* **Phrase grounding data**:
----
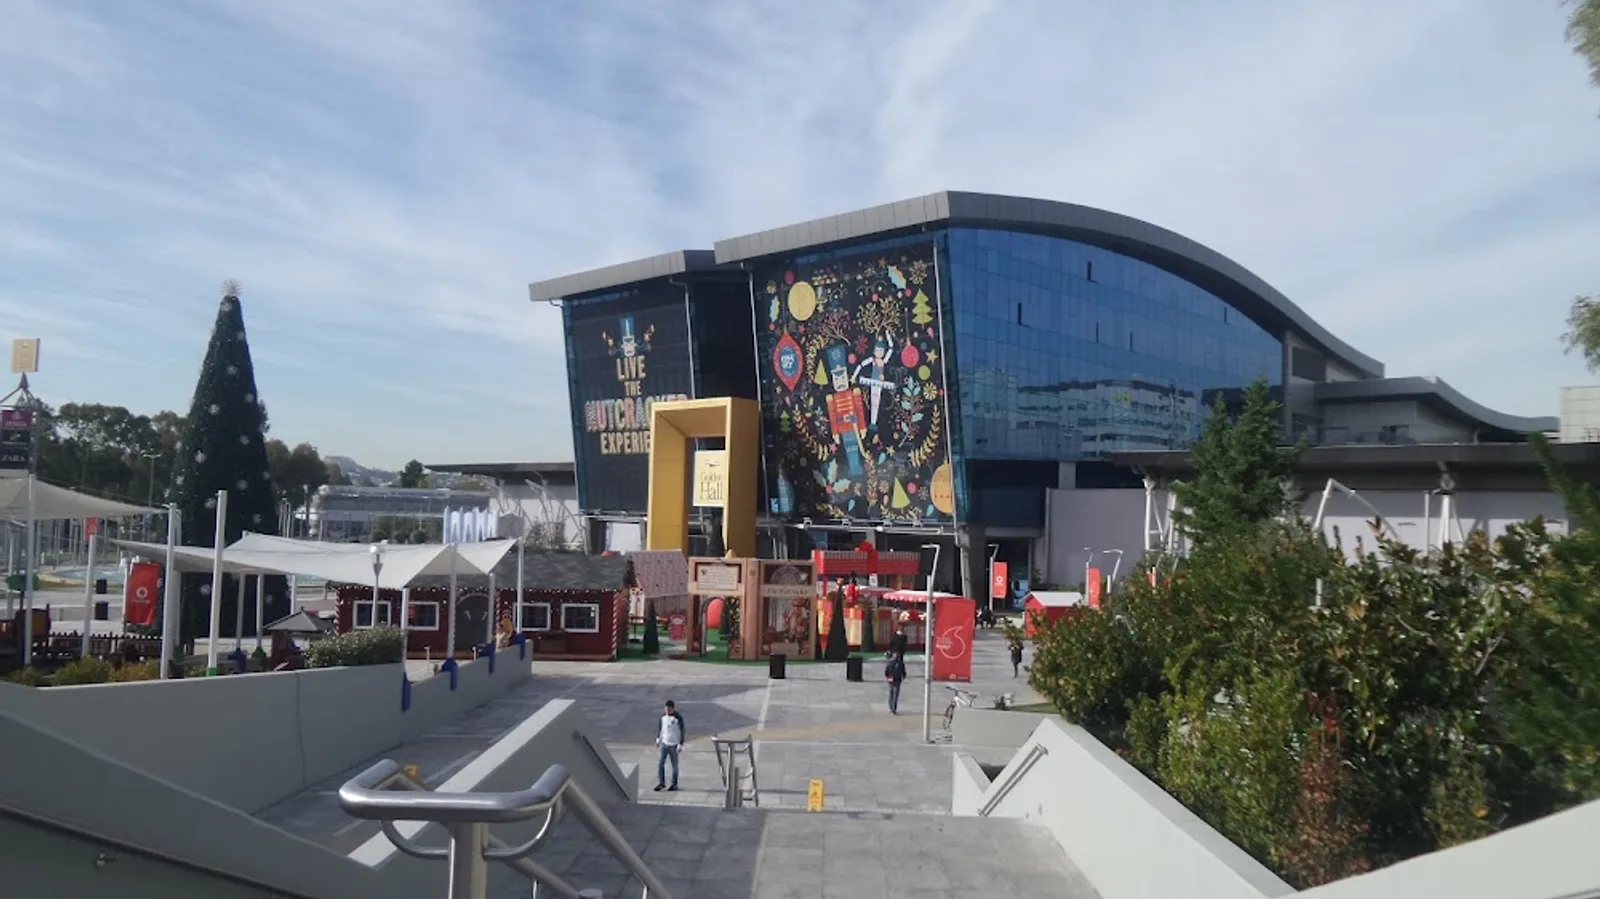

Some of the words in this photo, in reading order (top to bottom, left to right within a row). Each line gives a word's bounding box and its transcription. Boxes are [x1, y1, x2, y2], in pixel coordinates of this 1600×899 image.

[616, 355, 646, 381] LIVE
[624, 380, 642, 396] THE
[601, 430, 651, 455] EXPERIE
[700, 481, 724, 500] Hall
----
* **Your assignment**:
Verbatim repetition of the entries is required, excluding any pictures.

* **Solution to this problem**:
Some of the words in this photo, in reading order (top to bottom, left to right within a row). Each line gives a word's bounding box and its transcription. Boxes are [x1, y1, x2, y2], in pixel coordinates of this 1600×899 image.

[616, 355, 646, 381] LIVE
[624, 380, 642, 396] THE
[601, 430, 651, 455] EXPERIE
[700, 481, 724, 500] Hall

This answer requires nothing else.